SFHand: Learning Embodied Manipulation by Streaming Egocentric 3D Hand Forecasting
Ruicong Liu, Yifei Huang, Liangyang Ouyang, Caixin Kang, Yoichi Sato

TL;DR
SFHand is a novel streaming framework that predicts future 3D hand states from continuous video and language instructions, enabling real-time, task-oriented hand forecasting for AR and robotics.
Contribution
It introduces SFHand, the first streaming, language-guided 3D hand forecasting framework with a new large-scale dataset EgoHaFL, advancing real-time hand prediction capabilities.
Findings
SFHand outperforms prior methods by up to 35.8% in 3D hand forecasting.
The learned representations improve downstream manipulation task success rates by up to 13.4%.

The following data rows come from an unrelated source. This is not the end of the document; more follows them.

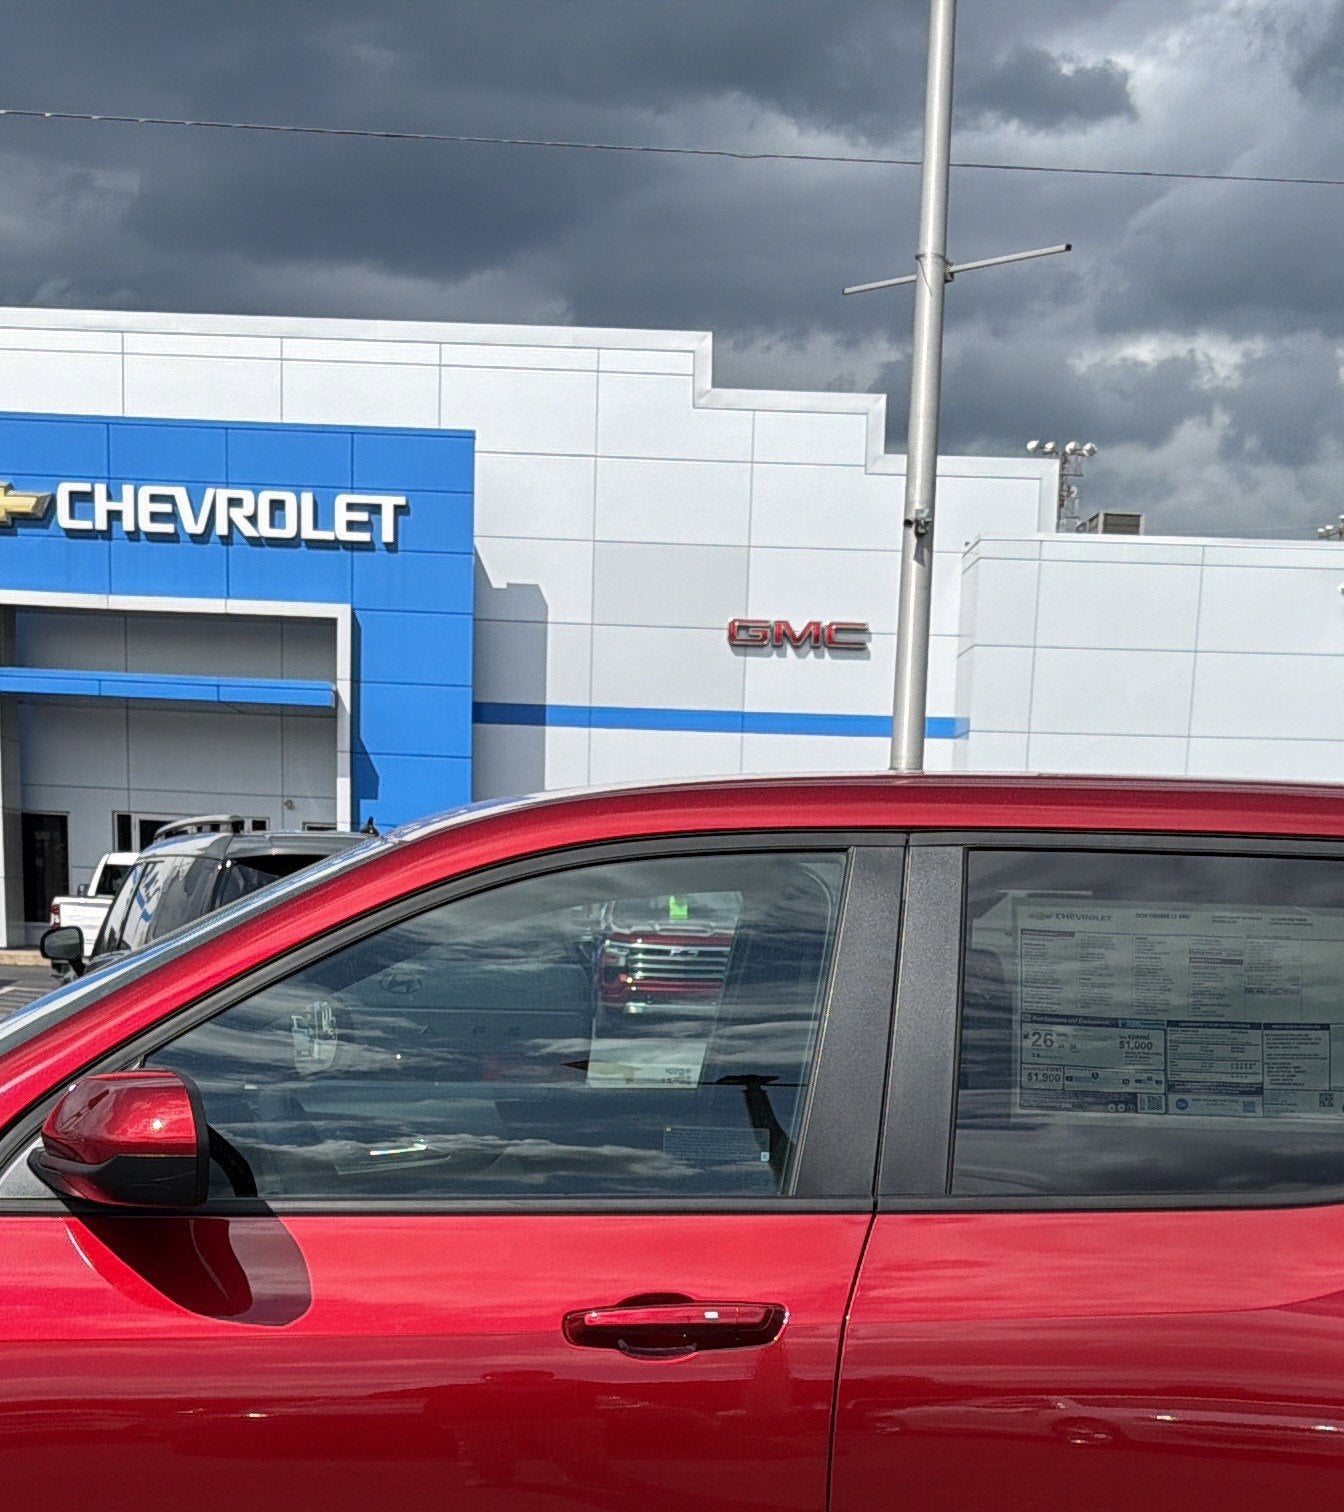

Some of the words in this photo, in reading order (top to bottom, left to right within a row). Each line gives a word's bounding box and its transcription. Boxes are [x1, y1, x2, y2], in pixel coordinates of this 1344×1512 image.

[56, 481, 408, 547] CHEVROLET
[728, 618, 869, 649] GMC
[1055, 912, 1113, 922] CHEVROLET
[1030, 1031, 1055, 1049] 26
[1118, 1040, 1154, 1050] $1,000

The framework effectively incorporates language guidance and temporal context for real-time applications.
Abstract
Real-time 3D hand forecasting is a critical component for fluid human-computer interaction in applications like AR and assistive robotics. However, existing methods are ill-suited for these scenarios, as they typically require offline access to accumulated video sequences and cannot incorporate language guidance that conveys task intent. To overcome these limitations, we introduce SFHand, the first streaming framework for language-guided 3D hand forecasting. SFHand autoregressively predicts a comprehensive set of future 3D hand states, including hand type, 2D bounding box, 3D pose, and trajectory, from a continuous stream of video and language instructions. Our framework combines a streaming autoregressive architecture with an ROI-enhanced memory layer, capturing temporal context while focusing on salient hand-centric regions. To enable this research, we also introduce EgoHaFL, the…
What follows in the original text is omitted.